On the densest lattice packing of centrally symmetric octahedra

Abstract:

The main purpose of this paper is the calculation of the critical determinant, and therefore the packing constant, for any centrally symmetric octahedron. The results are obtained partially by a numerical computation that is not rigorous.
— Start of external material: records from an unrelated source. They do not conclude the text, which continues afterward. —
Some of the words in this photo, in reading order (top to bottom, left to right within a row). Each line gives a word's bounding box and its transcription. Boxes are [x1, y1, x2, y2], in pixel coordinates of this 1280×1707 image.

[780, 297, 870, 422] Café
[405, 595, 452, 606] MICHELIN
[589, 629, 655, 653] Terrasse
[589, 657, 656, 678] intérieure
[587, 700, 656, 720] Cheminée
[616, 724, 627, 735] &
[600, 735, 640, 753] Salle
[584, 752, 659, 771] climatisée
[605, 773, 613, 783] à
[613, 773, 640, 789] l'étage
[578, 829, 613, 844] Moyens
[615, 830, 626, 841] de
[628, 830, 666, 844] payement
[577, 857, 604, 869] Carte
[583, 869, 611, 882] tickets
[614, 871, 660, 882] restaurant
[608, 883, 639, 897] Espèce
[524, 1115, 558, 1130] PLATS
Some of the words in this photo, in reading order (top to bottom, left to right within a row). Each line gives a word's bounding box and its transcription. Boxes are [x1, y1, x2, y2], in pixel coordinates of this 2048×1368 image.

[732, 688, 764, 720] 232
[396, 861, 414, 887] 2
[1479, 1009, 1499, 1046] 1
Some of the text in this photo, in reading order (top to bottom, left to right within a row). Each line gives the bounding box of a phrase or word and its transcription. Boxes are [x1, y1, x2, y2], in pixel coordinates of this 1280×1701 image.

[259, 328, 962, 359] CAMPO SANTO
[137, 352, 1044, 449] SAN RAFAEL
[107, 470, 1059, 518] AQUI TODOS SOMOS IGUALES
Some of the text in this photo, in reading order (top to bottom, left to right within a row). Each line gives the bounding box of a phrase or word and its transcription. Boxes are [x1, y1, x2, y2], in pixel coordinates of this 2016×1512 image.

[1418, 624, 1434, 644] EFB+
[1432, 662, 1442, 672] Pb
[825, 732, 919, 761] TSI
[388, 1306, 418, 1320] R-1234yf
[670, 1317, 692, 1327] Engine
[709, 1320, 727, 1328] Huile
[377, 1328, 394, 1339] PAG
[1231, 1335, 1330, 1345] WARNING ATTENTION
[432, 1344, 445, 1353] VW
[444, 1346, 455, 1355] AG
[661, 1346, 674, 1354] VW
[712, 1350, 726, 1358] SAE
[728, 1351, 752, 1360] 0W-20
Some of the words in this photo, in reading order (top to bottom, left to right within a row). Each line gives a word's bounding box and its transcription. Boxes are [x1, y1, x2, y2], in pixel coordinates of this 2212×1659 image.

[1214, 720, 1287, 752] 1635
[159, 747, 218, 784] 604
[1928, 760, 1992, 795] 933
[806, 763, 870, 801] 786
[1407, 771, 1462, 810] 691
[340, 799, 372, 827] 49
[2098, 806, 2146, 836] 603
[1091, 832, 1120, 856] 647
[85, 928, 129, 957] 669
As an application, we prove that the lattice of integer vectors perpendicular to any integer vector ${\mathbf {n}} = [{n_1},{n_2},{n_3},{n_4}]\;(0 \leq {n_1} \leq {n_2} \leq {n_3} \leq {n_4},{n_4} > 0)$ contains a nonzero vector ${\mathbf {m}} \in {{\mathbf {Z}}^4}$, the height $(h({\mathbf {m}}) = \max |{m_i}|)$ of which satisfies \[ \begin {array}{*{20}{c}} {{\text {(i)}}} \\ {{\text {(ii)}}} \\ {{\text {(iii)}}} \\ \end {array} \quad \begin {array}{*{20}{c}} {h({\mathbf {m}}) < {{(\tfrac {4}{3}h({\mathbf {n}}))}^{1/3}}\quad {\text {if}}\;{n_4} \leq - 2{n_1} + {n_2} + {n_3},} \hfill \\ {h({\mathbf {m}}) < {{(\tfrac {{27}}{{19}}h({\mathbf {n}}))}^{1/3}}\quad {\text {in any case,}}} \hfill \\ {h({\mathbf {m}}) \leq h{{({\mathbf {n}})}^{1/3}}\quad {\text {if}}\;{n_4} \geq {n_1} + {n_2} + {n_3}.} \hfill \\ \end {array} \] The closing examples show that the above estimations cannot be improved.